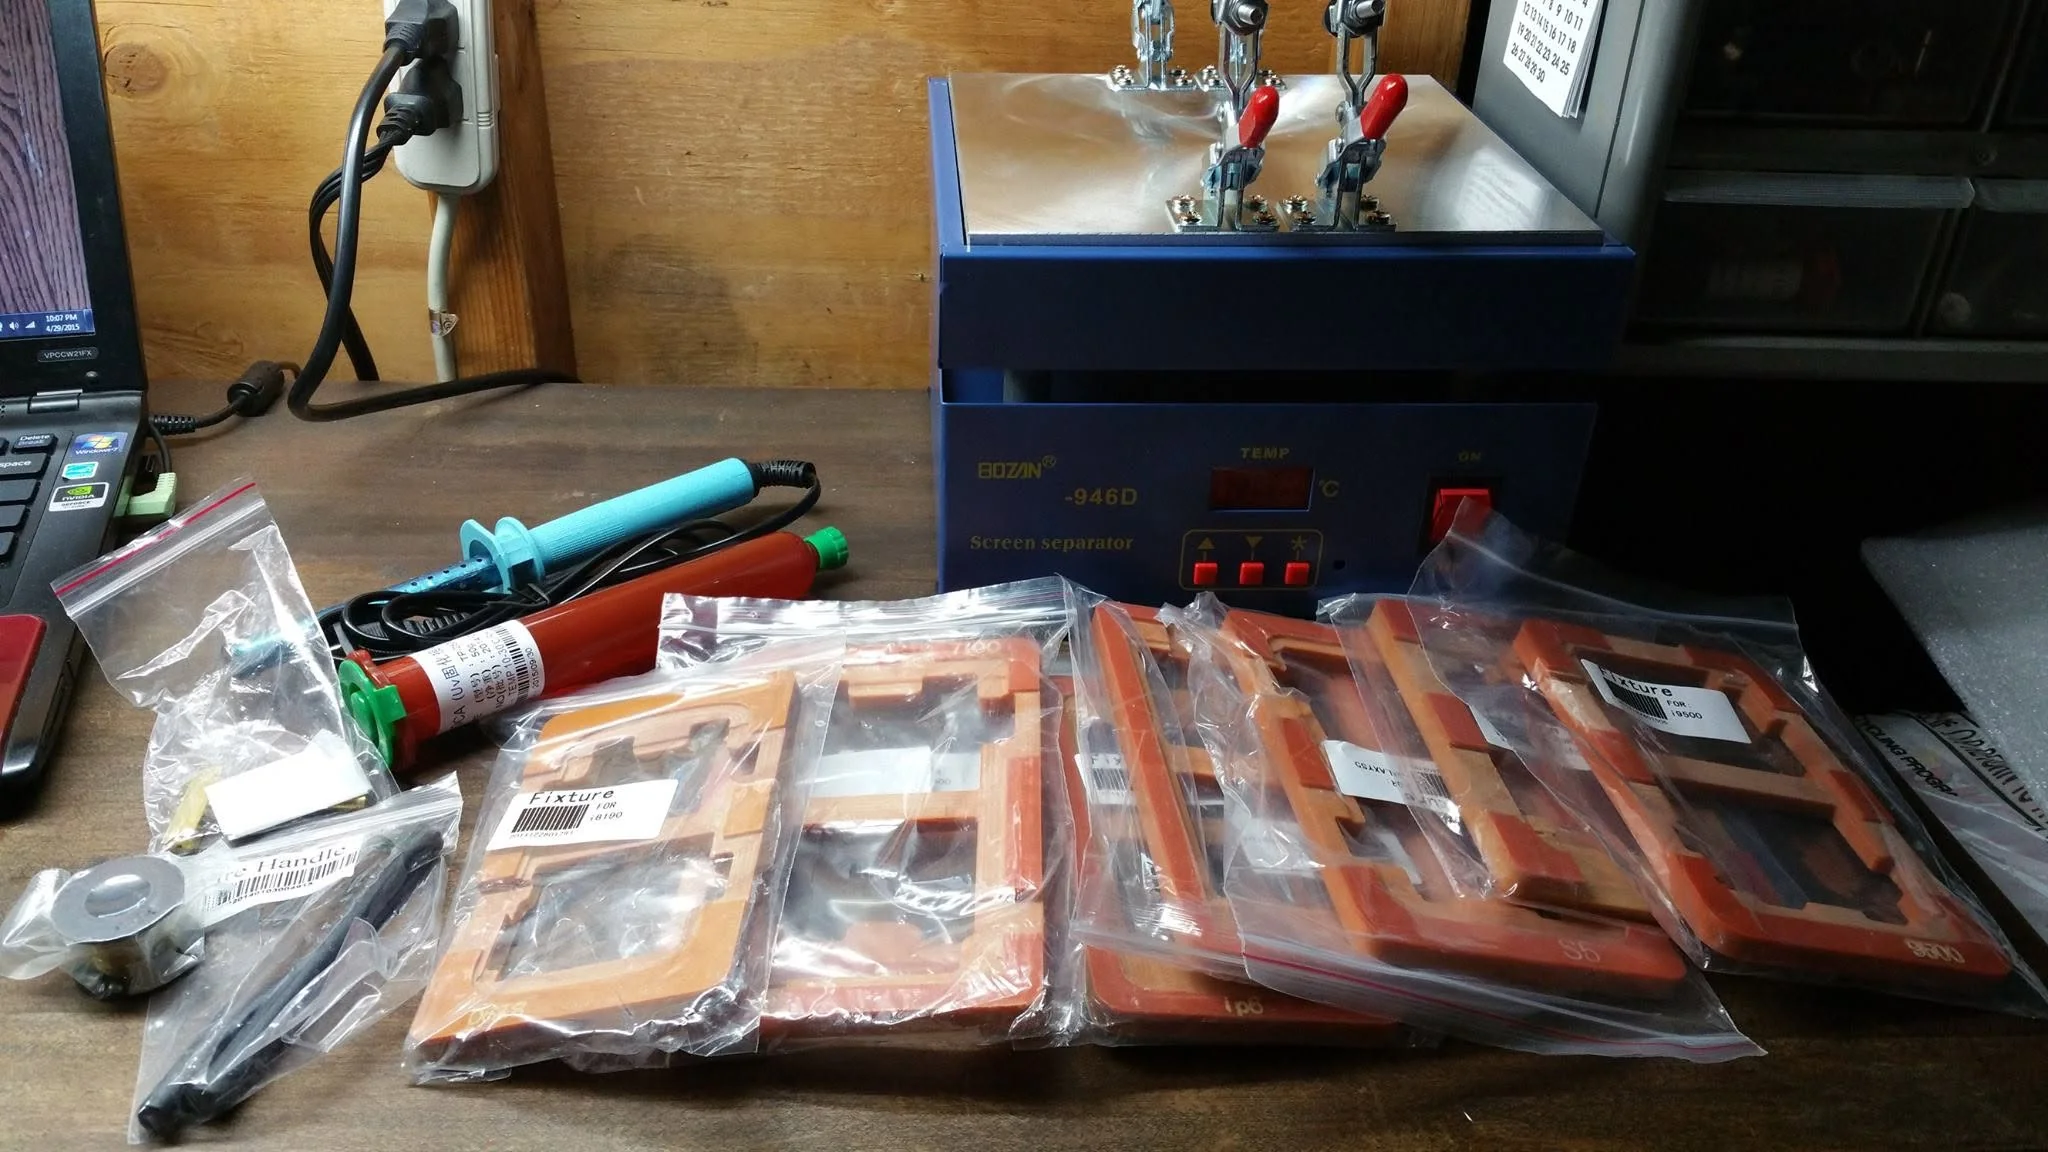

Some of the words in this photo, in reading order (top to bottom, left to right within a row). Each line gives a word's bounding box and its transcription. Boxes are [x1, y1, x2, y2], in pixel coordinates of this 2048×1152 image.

[1523, 1, 1530, 16] 12
[1530, 7, 1537, 22] 13
[1536, 12, 1544, 27] 14
[1542, 18, 1549, 33] 15
[1549, 24, 1557, 40] 16
[1558, 31, 1566, 46] 17
[1567, 37, 1576, 54] 18
[1556, 4, 1562, 16] 9
[1564, 9, 1574, 24] 10
[1574, 16, 1583, 31] 11
[1517, 22, 1524, 36] 19
[1524, 28, 1532, 42] 20
[1536, 40, 1544, 55] 22
[1542, 46, 1551, 62] 23
[1551, 53, 1560, 69] 24
[1560, 60, 1570, 76] 25
[1511, 42, 1518, 56] 26
[1530, 61, 1538, 76] 29
[1536, 68, 1546, 82] 30
[46, 324, 80, 332] 4/29/2015
[1240, 448, 1290, 460] TEMP
[1458, 450, 1482, 462] ON
[970, 535, 1036, 550] Screen
[1041, 536, 1134, 552] separator
[1600, 666, 1673, 698] Fixture
[529, 789, 614, 804] Fixture
[596, 802, 617, 810] FOR
[257, 846, 346, 872] Handle

········

What to work on
Each entry above should be written out again exactly, without its pictures.

Task solution
Some of the words in this photo, in reading order (top to bottom, left to right within a row). Each line gives a word's bounding box and its transcription. Boxes are [x1, y1, x2, y2], in pixel coordinates of this 2048×1152 image.

[1523, 1, 1530, 16] 12
[1530, 7, 1537, 22] 13
[1536, 12, 1544, 27] 14
[1542, 18, 1549, 33] 15
[1549, 24, 1557, 40] 16
[1558, 31, 1566, 46] 17
[1567, 37, 1576, 54] 18
[1556, 4, 1562, 16] 9
[1564, 9, 1574, 24] 10
[1574, 16, 1583, 31] 11
[1517, 22, 1524, 36] 19
[1524, 28, 1532, 42] 20
[1536, 40, 1544, 55] 22
[1542, 46, 1551, 62] 23
[1551, 53, 1560, 69] 24
[1560, 60, 1570, 76] 25
[1511, 42, 1518, 56] 26
[1530, 61, 1538, 76] 29
[1536, 68, 1546, 82] 30
[46, 324, 80, 332] 4/29/2015
[1240, 448, 1290, 460] TEMP
[1458, 450, 1482, 462] ON
[970, 535, 1036, 550] Screen
[1041, 536, 1134, 552] separator
[1600, 666, 1673, 698] Fixture
[529, 789, 614, 804] Fixture
[596, 802, 617, 810] FOR
[257, 846, 346, 872] Handle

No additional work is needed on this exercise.